Investors returned their focus to the contrast between a hawkish Federal Reserve and the Bank of Japan’s insistence on sticking to massive stimulus.
The dollar index – whose basket includes sterling, the euro and the yen – reached 114.58 for the first time since May 2002 before easing to 114.02, 0.78% higher than the end of last week.
“The dollar strength was in large part because of the heavy selling of the sterling,” said Saktiandi Supaat, regional head of FX research and strategy at Maybank.
“It’s more of a risk-off sort of thing,” Supaat added. “Global recession fears have actually intensified and widened quite broadly.”

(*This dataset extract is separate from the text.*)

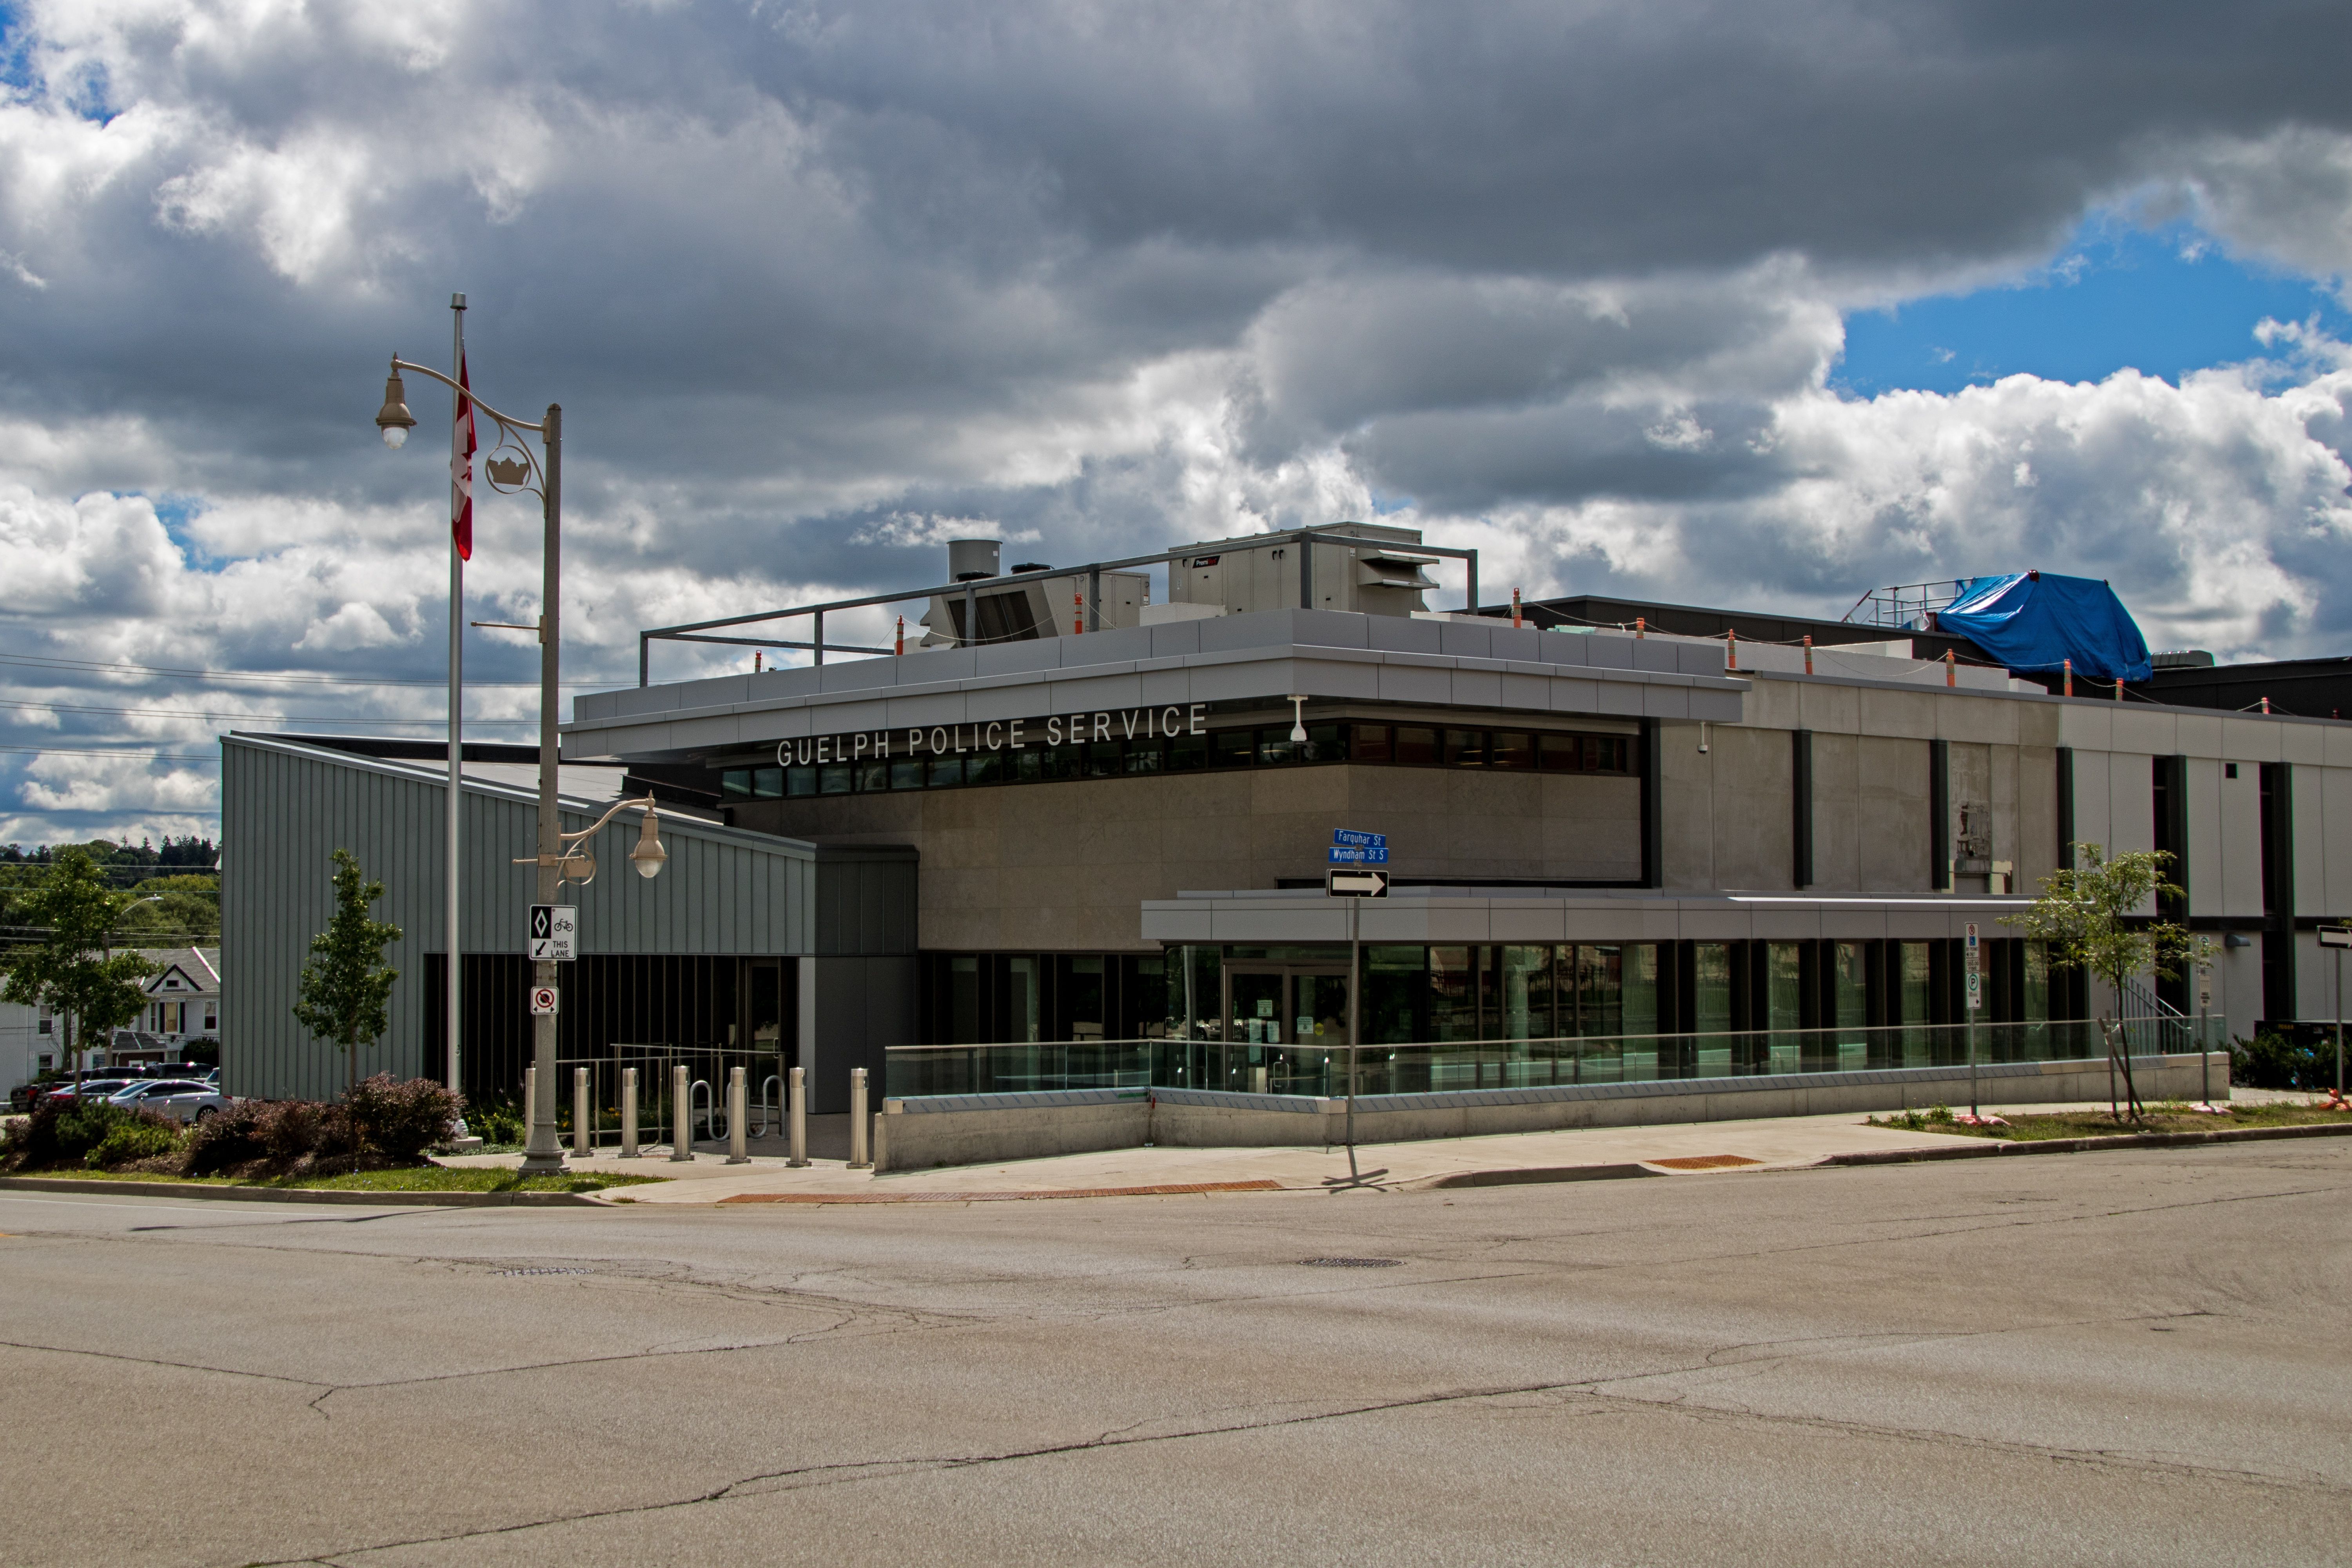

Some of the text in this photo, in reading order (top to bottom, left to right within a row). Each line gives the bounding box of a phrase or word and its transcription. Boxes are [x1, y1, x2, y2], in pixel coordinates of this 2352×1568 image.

Europe’s shared currency slid as low as $0.9528, and last traded down 0.71% at $0.9623.
The dollar added 0.54% to 144.175 yen, continuing its climb back toward Thursday’s 24-year peak of 145.90. It tumbled to 140.31 that same day after Japan conducted yen-buying intervention for the first time since 1998.
Japanese Finance Minister Shunichi Suzuki today repeated that authorities stood ready to respond to speculative moves in currency.
Elsewhere, the risk-sensitive Australian dollar slumped to $0.64865, its lowest since May 2020, and was last trading 0.6% weaker at $0.6491.
Fellow commodity currency the Canadian dollar hit a fresh trough at C$1.3636 per greenback, its weakest since July 2020.
China’s offshore yuan slid to a new low of 7.1728 per dollar, its weakest since May 2020.
Onshore, the yuan also touched a 28-month trough of 7.1690, just shy of the day’s downside trading limit, set by the People’s Bank of China.
The fresh lows came even as the central bank said today it will reinstate foreign exchange risk reserves for some forwards contracts, a move that would make betting against the yuan more expensive and slow the pace of its recent depreciation.